**REQUIRED WORK**
Everything in the data should be repeated exactly, save for the images.

* * * * * * * * *

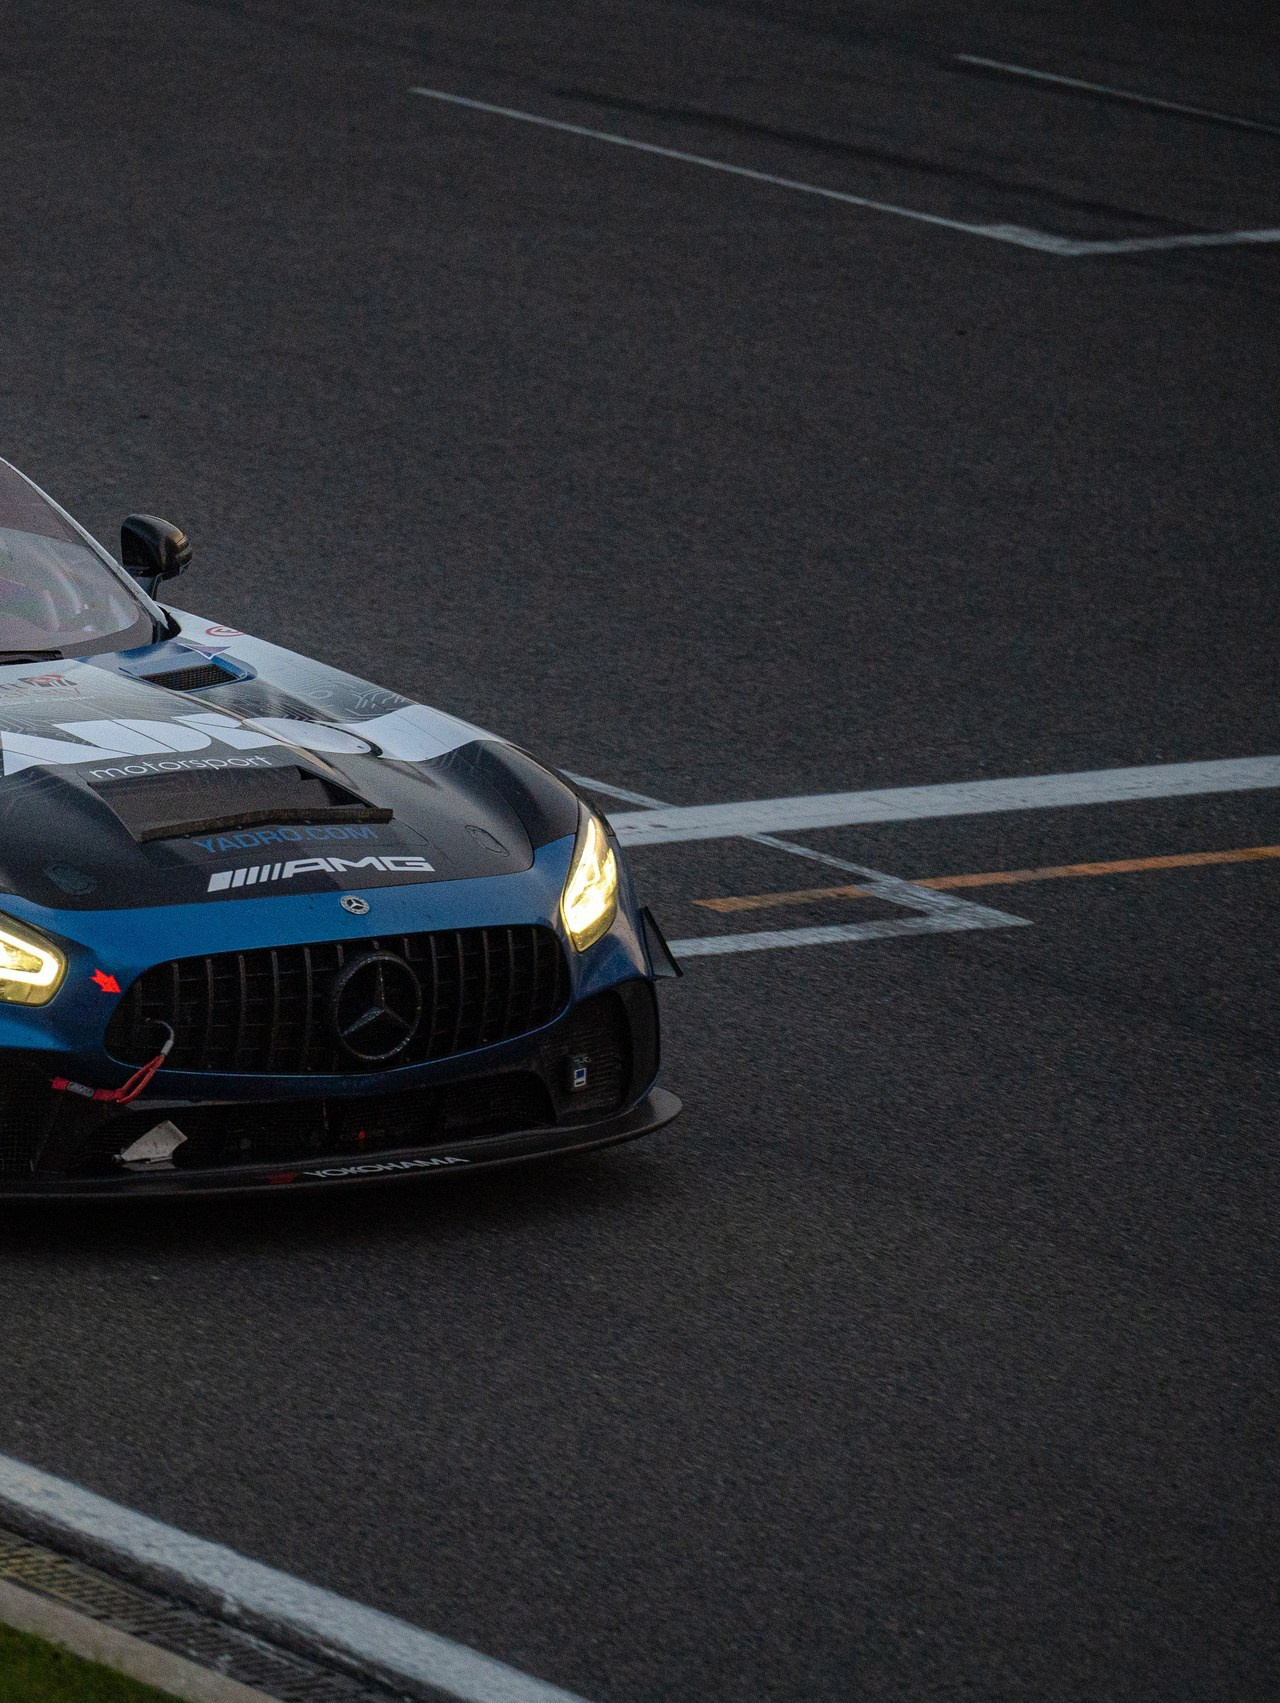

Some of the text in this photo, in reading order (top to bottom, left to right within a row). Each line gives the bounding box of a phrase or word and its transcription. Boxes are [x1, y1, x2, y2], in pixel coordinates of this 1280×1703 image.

[89, 753, 272, 780] motorsport
[193, 825, 380, 854] YADRO.COM
[302, 1156, 471, 1178] YOKOHAMA
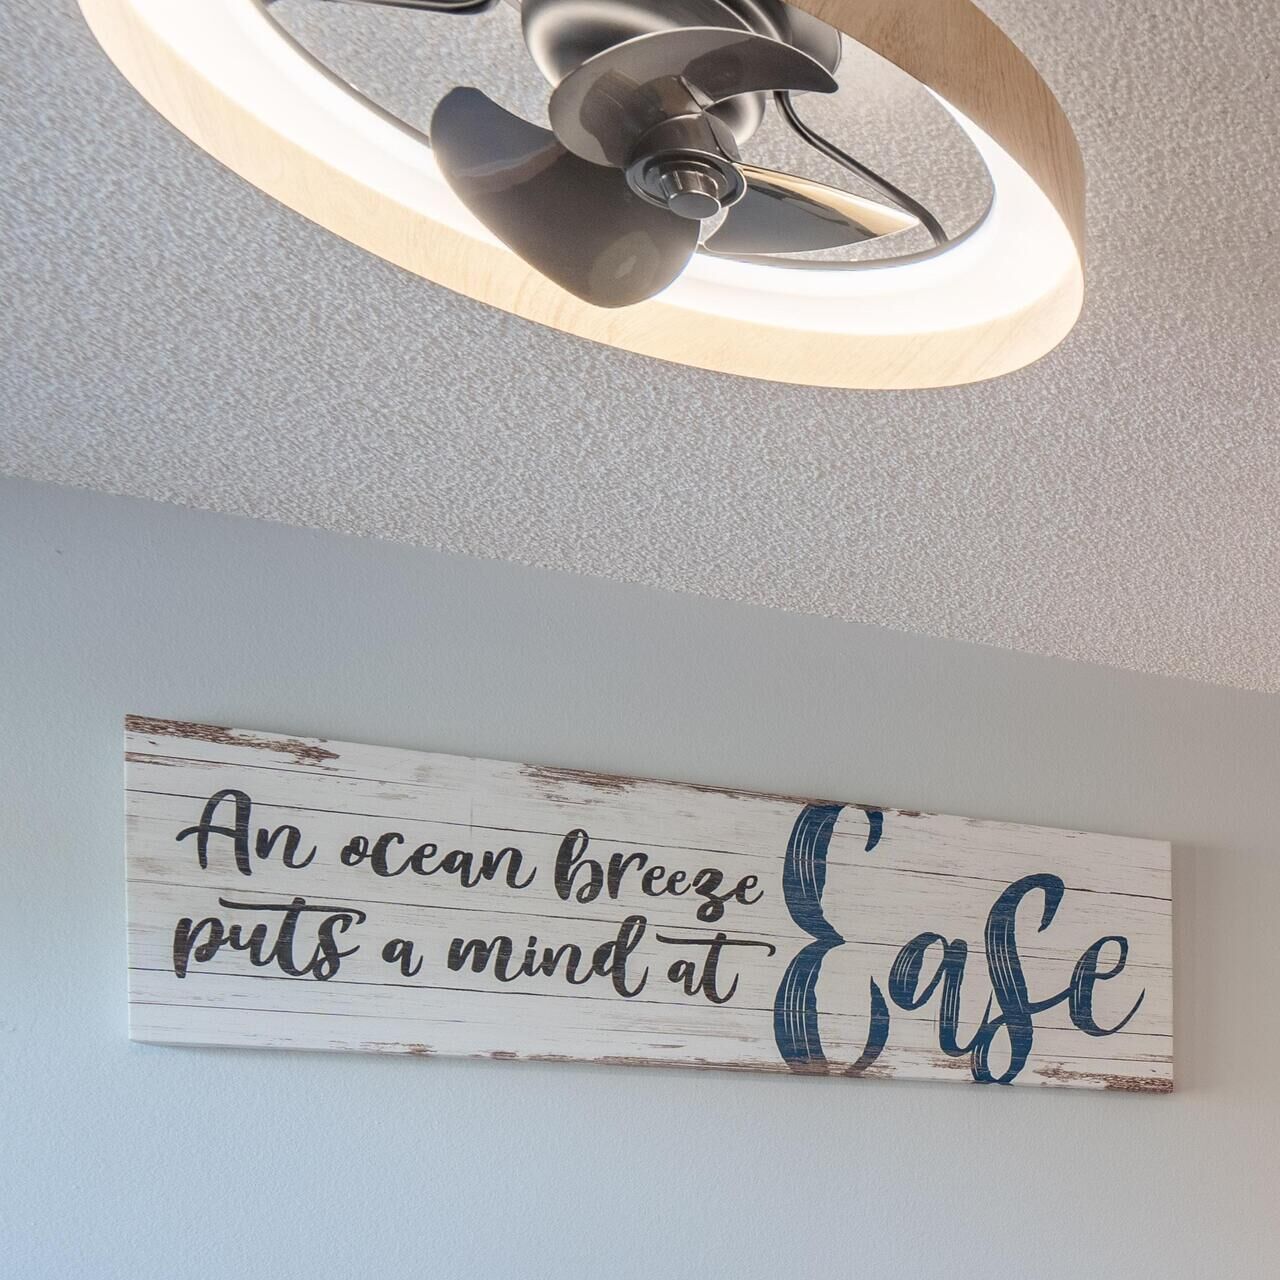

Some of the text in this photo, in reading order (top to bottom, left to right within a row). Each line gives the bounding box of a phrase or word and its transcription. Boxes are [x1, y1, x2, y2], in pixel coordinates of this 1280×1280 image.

* * * * * * * * *

**RESPONSE TO THIS EXERCISE**
Some of the text in this photo, in reading order (top to bottom, left to right within a row). Each line gives the bounding box of a phrase or word and its transcription. Boxes are [x1, y1, x2, y2], in pixel coordinates of this 1280×1703 image.

[89, 753, 272, 780] motorsport
[193, 825, 380, 854] YADRO.COM
[302, 1156, 471, 1178] YOKOHAMA

Some of the text in this photo, in reading order (top to bottom, left to right within a row). Each line gives the bounding box of a phrase or word and its transcription. Boxes are [x1, y1, x2, y2], in pixel coordinates of this 1280×1280 image.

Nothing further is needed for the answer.